▶ _Provided entries_
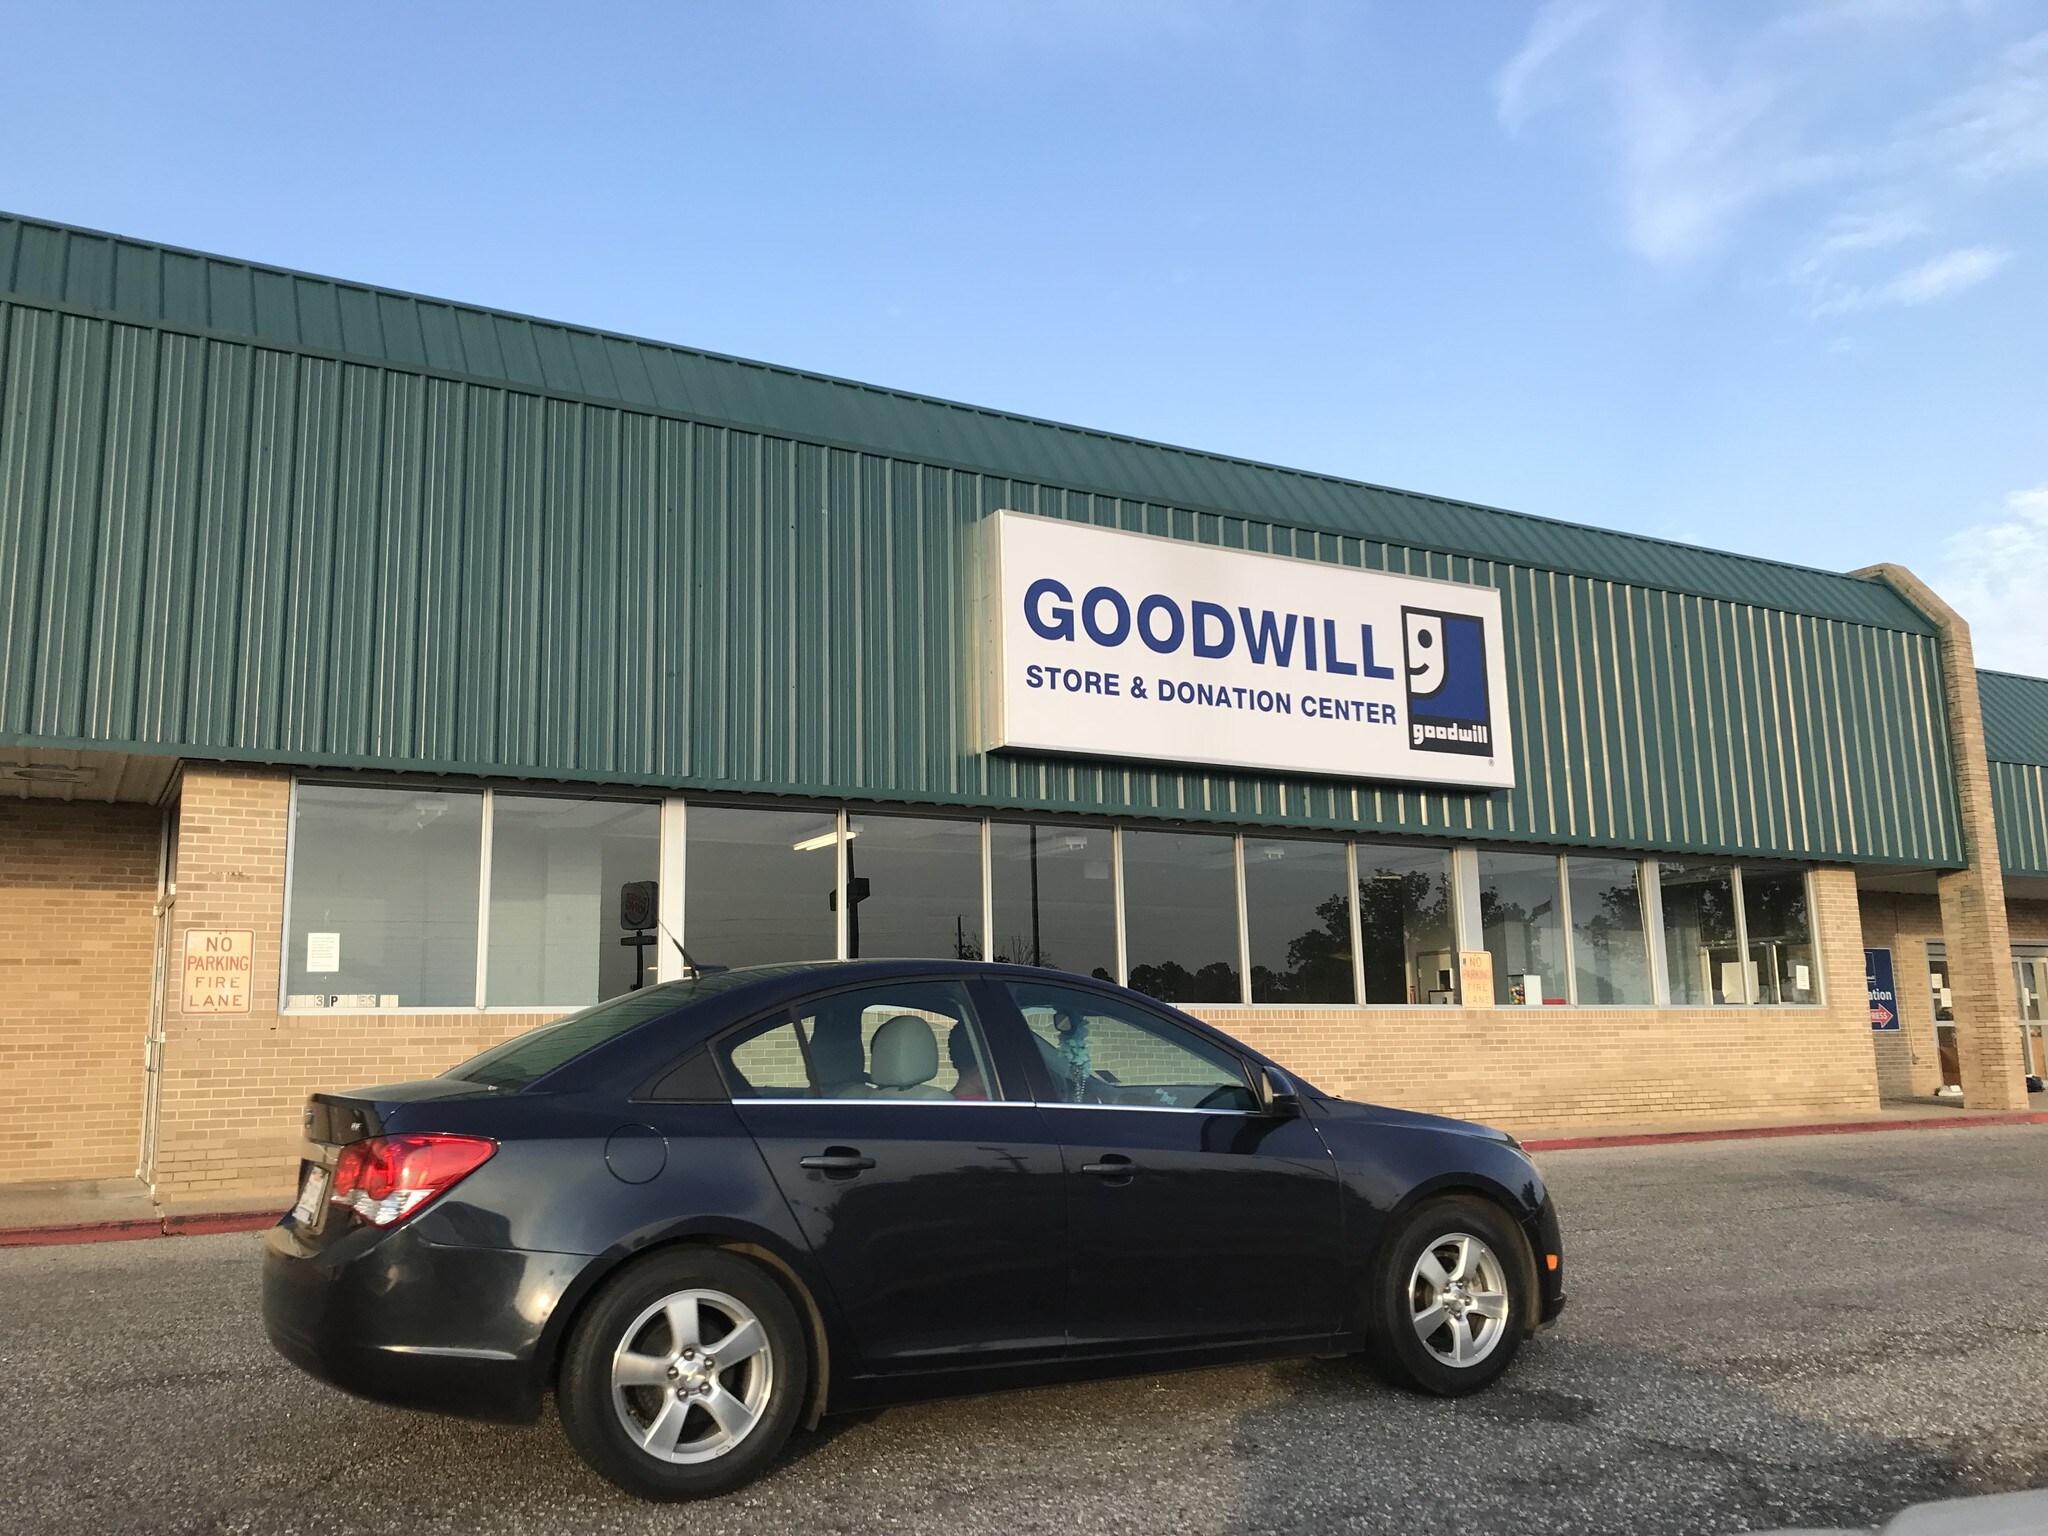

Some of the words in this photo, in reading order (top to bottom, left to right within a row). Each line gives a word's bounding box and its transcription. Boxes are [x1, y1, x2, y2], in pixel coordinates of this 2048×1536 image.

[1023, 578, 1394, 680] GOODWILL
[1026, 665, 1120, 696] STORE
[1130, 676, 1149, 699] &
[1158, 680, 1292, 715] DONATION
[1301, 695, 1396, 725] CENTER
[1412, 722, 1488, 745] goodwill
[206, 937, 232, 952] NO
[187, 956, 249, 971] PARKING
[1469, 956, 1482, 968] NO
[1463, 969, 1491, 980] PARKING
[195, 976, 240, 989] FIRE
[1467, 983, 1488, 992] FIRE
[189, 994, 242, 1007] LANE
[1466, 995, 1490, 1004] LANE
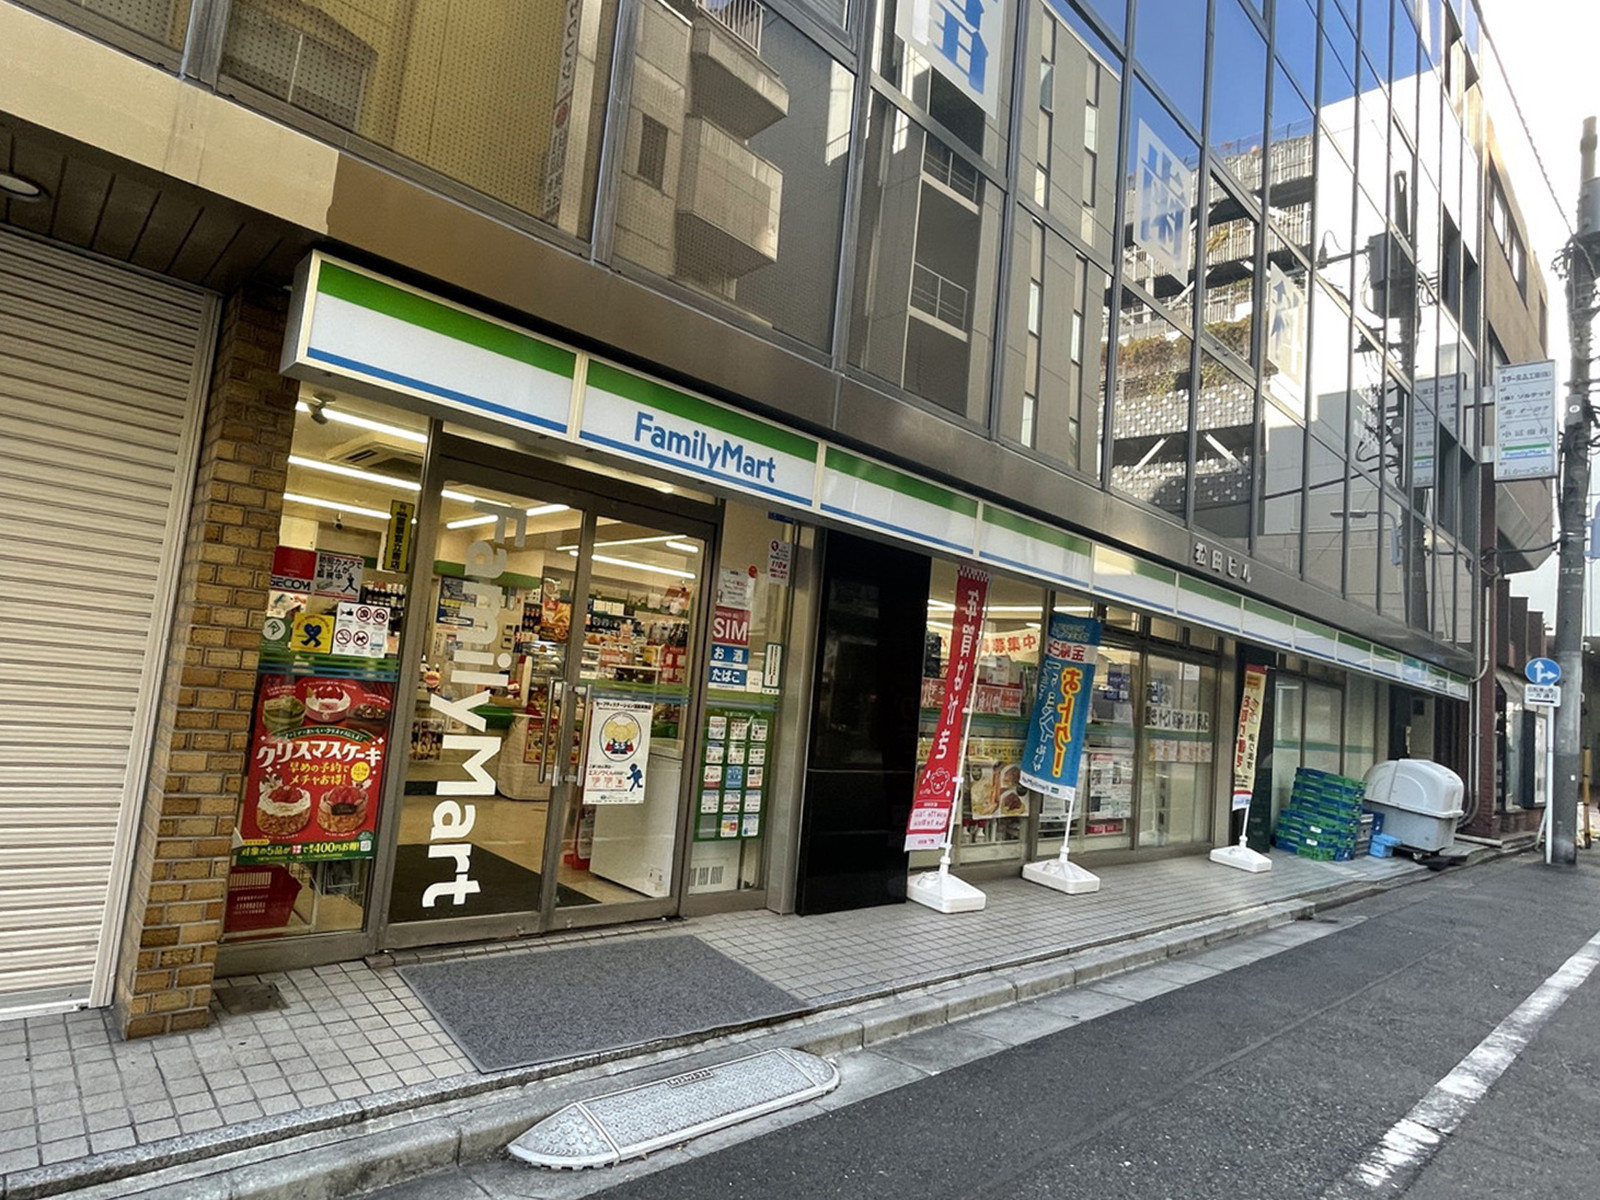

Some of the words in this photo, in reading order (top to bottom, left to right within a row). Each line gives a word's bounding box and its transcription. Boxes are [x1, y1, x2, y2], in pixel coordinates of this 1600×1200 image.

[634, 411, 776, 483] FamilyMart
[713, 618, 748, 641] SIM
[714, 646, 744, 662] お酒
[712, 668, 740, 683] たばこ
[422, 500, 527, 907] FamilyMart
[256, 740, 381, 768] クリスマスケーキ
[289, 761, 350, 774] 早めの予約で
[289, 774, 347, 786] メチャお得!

▶ _About this exercise_
Pictures aside, please output the whole listing exactly as it appears above.

▶ _Expected answer_
Some of the words in this photo, in reading order (top to bottom, left to right within a row). Each line gives a word's bounding box and its transcription. Boxes are [x1, y1, x2, y2], in pixel coordinates of this 2048×1536 image.

[1023, 578, 1394, 680] GOODWILL
[1026, 665, 1120, 696] STORE
[1130, 676, 1149, 699] &
[1158, 680, 1292, 715] DONATION
[1301, 695, 1396, 725] CENTER
[1412, 722, 1488, 745] goodwill
[206, 937, 232, 952] NO
[187, 956, 249, 971] PARKING
[1469, 956, 1482, 968] NO
[1463, 969, 1491, 980] PARKING
[195, 976, 240, 989] FIRE
[1467, 983, 1488, 992] FIRE
[189, 994, 242, 1007] LANE
[1466, 995, 1490, 1004] LANE

Some of the words in this photo, in reading order (top to bottom, left to right within a row). Each line gives a word's bounding box and its transcription. Boxes are [x1, y1, x2, y2], in pixel coordinates of this 1600×1200 image.

[634, 411, 776, 483] FamilyMart
[713, 618, 748, 641] SIM
[714, 646, 744, 662] お酒
[712, 668, 740, 683] たばこ
[422, 500, 527, 907] FamilyMart
[256, 740, 381, 768] クリスマスケーキ
[289, 761, 350, 774] 早めの予約で
[289, 774, 347, 786] メチャお得!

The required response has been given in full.